Justement, ton rapport à ton corps : il a changé depuis que tu fais ça?
C’est paradoxal, mais il a changé pour le mieux. J’ai plus confiance en moi, je me trouve plus belle qu’avant, je suis moins complexée.
Il n’y a pas une pression d’avoir un corps parfait, de ne pas prendre de poids?
Non, vraiment pas. C’est plus une question d’attitude. Il y a des filles au salon qui sont en surpoids, et elles ne sont jamais moins choisies que les autres. C’est cliché, mais si tu es bien dans ta peau et que tu te trouves belle, le reste a peu d’importance. Par contre, je pense pas qu’on peut faire ce métier-là très longtemps… dix ans tout au plus. La plus vieille au salon a 36 ans. Elle est magnifique, ça n’a rien à voir, mais je pense qu’à un certain âge c’est un style de vie qui te convient moins, peut-être…
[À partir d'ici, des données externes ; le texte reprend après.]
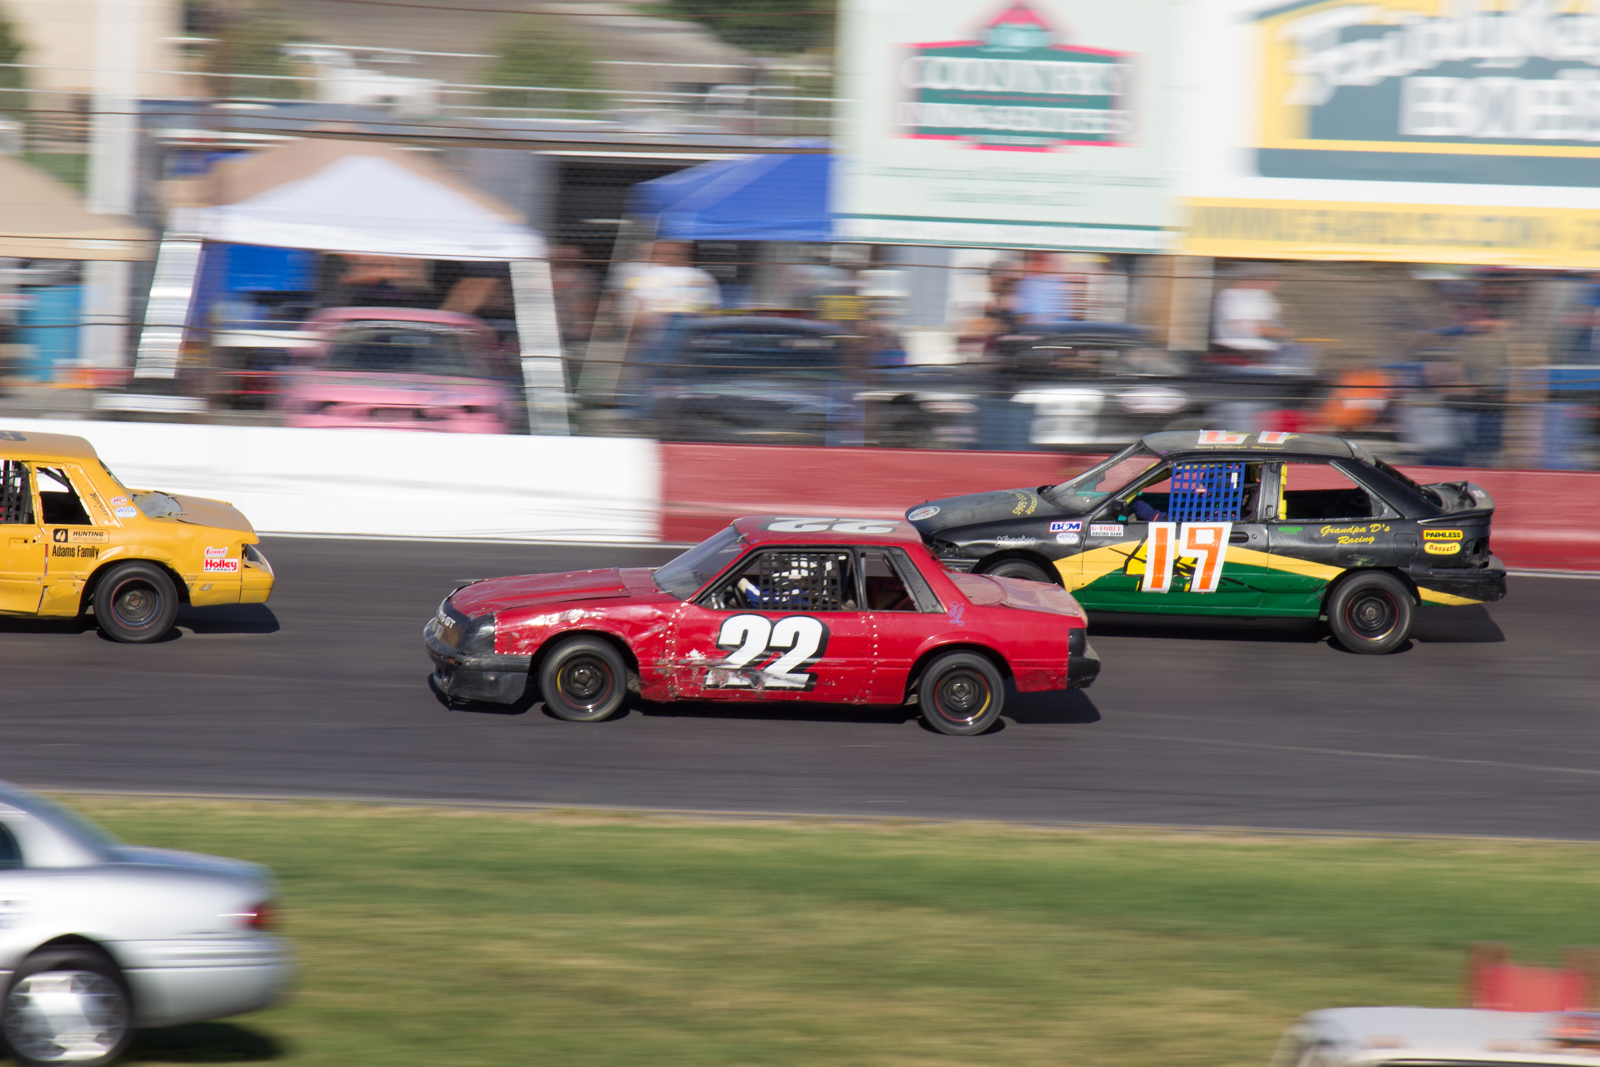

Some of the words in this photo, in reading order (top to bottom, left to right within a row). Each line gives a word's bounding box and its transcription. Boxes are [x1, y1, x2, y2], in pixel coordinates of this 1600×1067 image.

[764, 516, 902, 533] 22
[1051, 522, 1081, 532] B&M
[1320, 525, 1366, 538] Grandpa
[1369, 523, 1390, 533] D's
[1337, 535, 1376, 545] Racing
[1425, 531, 1461, 539] PAINLESS
[52, 545, 76, 558] Adams
[77, 545, 100, 560] Family
[1428, 544, 1457, 552] Bassett
[1142, 522, 1233, 593] 19
[204, 559, 238, 571] Holley
[704, 612, 829, 691] 22
Envisages-tu la vie après le salon?
Ça va être un deuil. Et financièrement aussi, bien sûr. Mais je vois déjà à quel point tout peut s’arrêter rapidement. Il me suffirait d’une mauvaise expérience pour que je décide d’arrêter. Mais pour le moment, j’adore ça. Le seul inconvénient, c’est que je n’en parle pas à ma famille.
Ils ne savent rien?
Rien du tout. Le pire, c’est qu’on est très proches, on est une famille tissée serrée, avec de belles valeurs. Mais je sais qu’ils s’inquiéteraient pour moi. Des fois, le soir, je me couche et je me dis “si mes parents savaient”. En même temps, ça donne un petit kick de garder ce secret-là.
*Cherche pas à savoir si c’est ta voisine de bureau, parce que, oui, on a changé son nom.